# An object with a mass of 4 kg, temperature of 240 ^oC, and a specific heat of 25 J/(kg*K) is dropped into a container with 24 L  of water at 0^oC . Does the water evaporate? If not, by how much does the water's temperature change?

May 21, 2017

No. Only 0.239’C

#### Explanation:

The specific heat of water is 4.184 J/(g*’C). The water mass is 24000g (1000g/L).
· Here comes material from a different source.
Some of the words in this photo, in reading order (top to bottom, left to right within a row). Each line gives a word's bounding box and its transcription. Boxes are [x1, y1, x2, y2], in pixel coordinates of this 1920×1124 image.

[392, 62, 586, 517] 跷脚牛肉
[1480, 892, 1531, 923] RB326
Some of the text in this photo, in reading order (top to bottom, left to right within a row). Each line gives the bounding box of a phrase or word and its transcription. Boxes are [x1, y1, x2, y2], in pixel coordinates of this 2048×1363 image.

The energy required to heat it is therefore
24000g * 4.184 (J/(g*’C)) * (T_2 - 0)’C

The object supplies 4kg * 25(J/(kg*’C)) * (240 – T_2)’C

Equating these two and solving for ${T}_{2}$ will show us whether the water will evaporate or not (T_2 > 100’C).
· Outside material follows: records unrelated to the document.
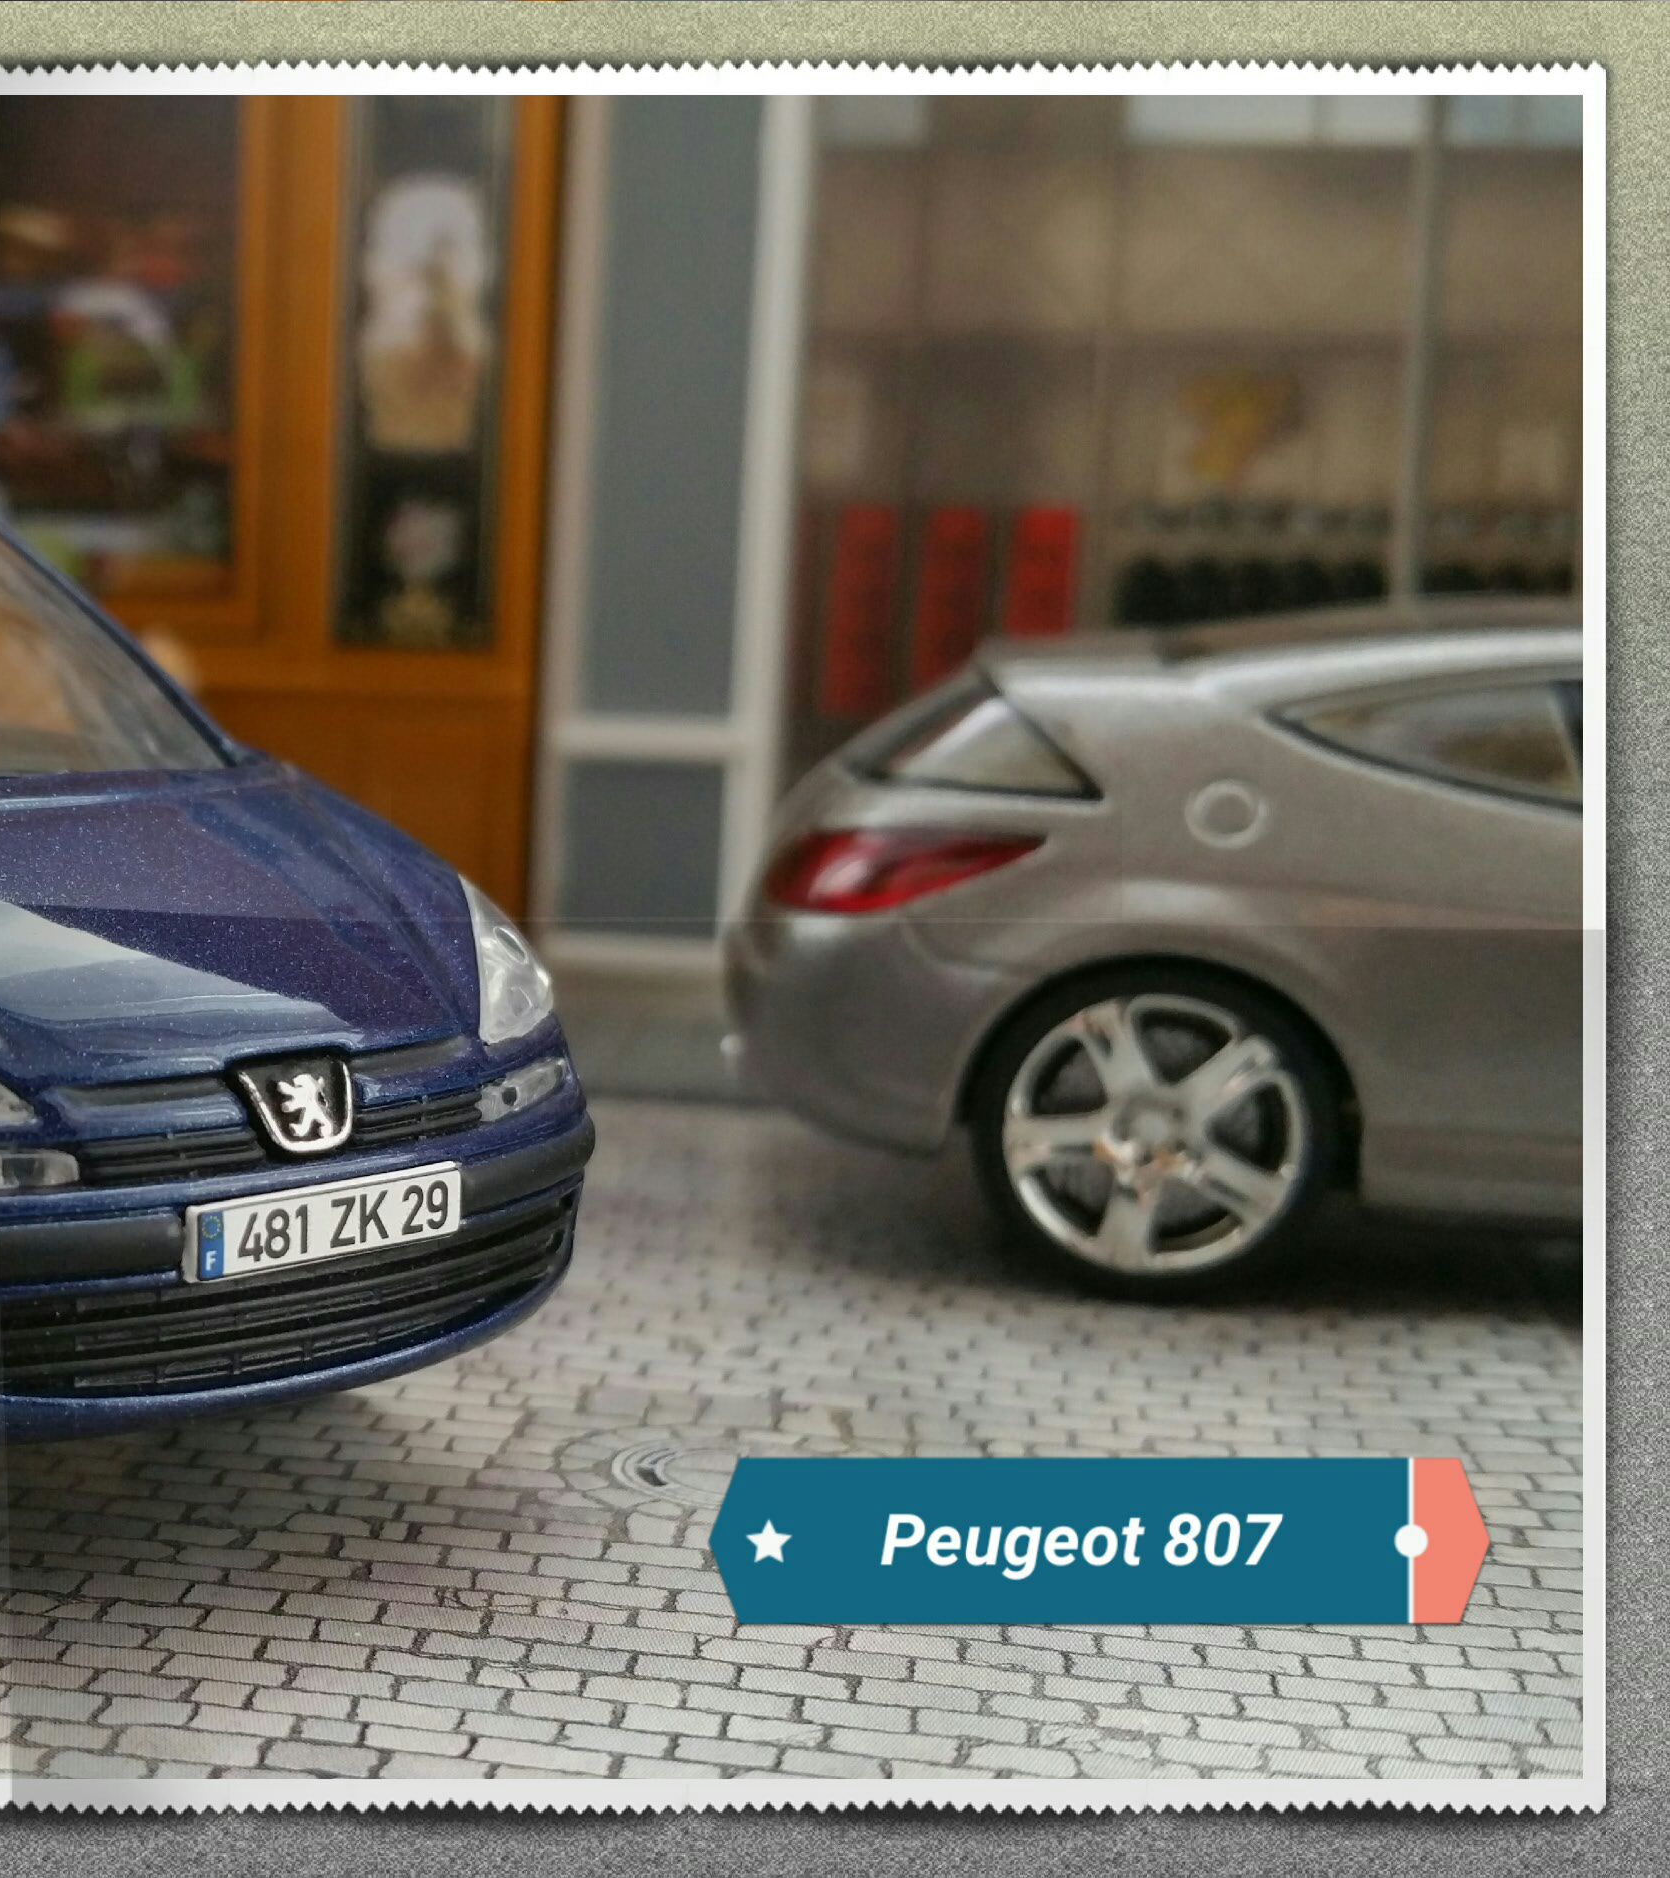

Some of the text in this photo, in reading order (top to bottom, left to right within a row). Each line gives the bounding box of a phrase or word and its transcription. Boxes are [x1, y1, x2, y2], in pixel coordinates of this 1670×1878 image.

[237, 1203, 309, 1262] 481
[330, 1189, 389, 1249] ZK
[401, 1180, 449, 1235] 29
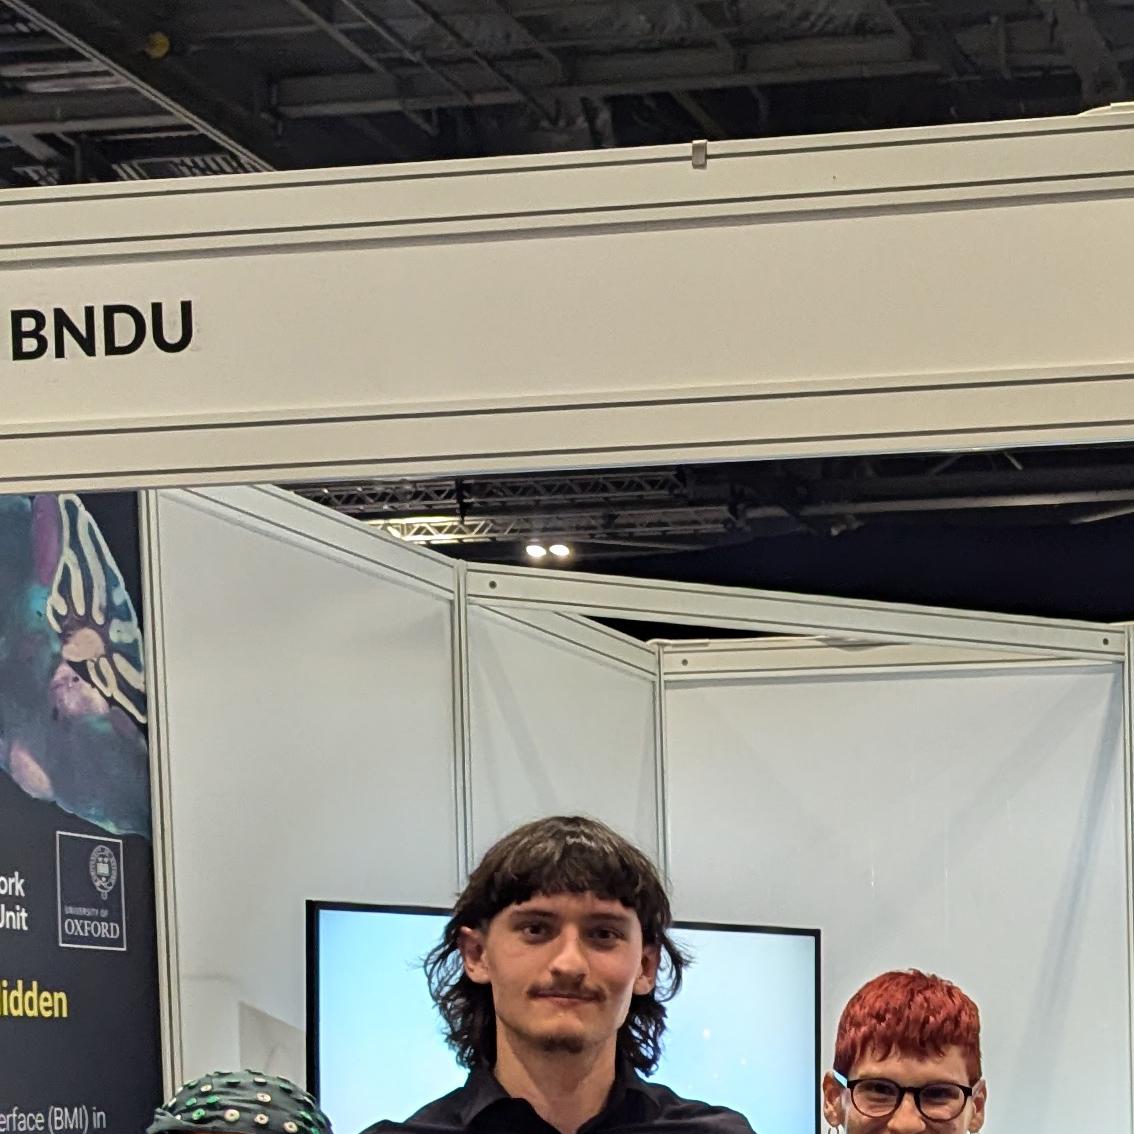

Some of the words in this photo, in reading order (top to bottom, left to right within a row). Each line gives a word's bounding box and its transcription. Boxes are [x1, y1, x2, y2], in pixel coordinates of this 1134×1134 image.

[11, 300, 193, 361] BNDU
[64, 918, 120, 939] OXFORD
[0, 980, 68, 1018] idden
[92, 1106, 106, 1129] in
24000g * 4.184 (J/(g*’C)) * (T_2 - 0)’C  = 4000g * 0.025(J/(g*’C)) * (240 – T_2)’C

100416 * (T_2 - 0)’C  = 100 * (240 – T_2)’C

100416 * T_2’C  = 24000 -100 * T_2’C

100516 * T_2’C  = 24000’C ; T_2’C  = 0.239’C#

The water is barely heated. Its large heat capacity is one reason that it is such a good industrial process coolant.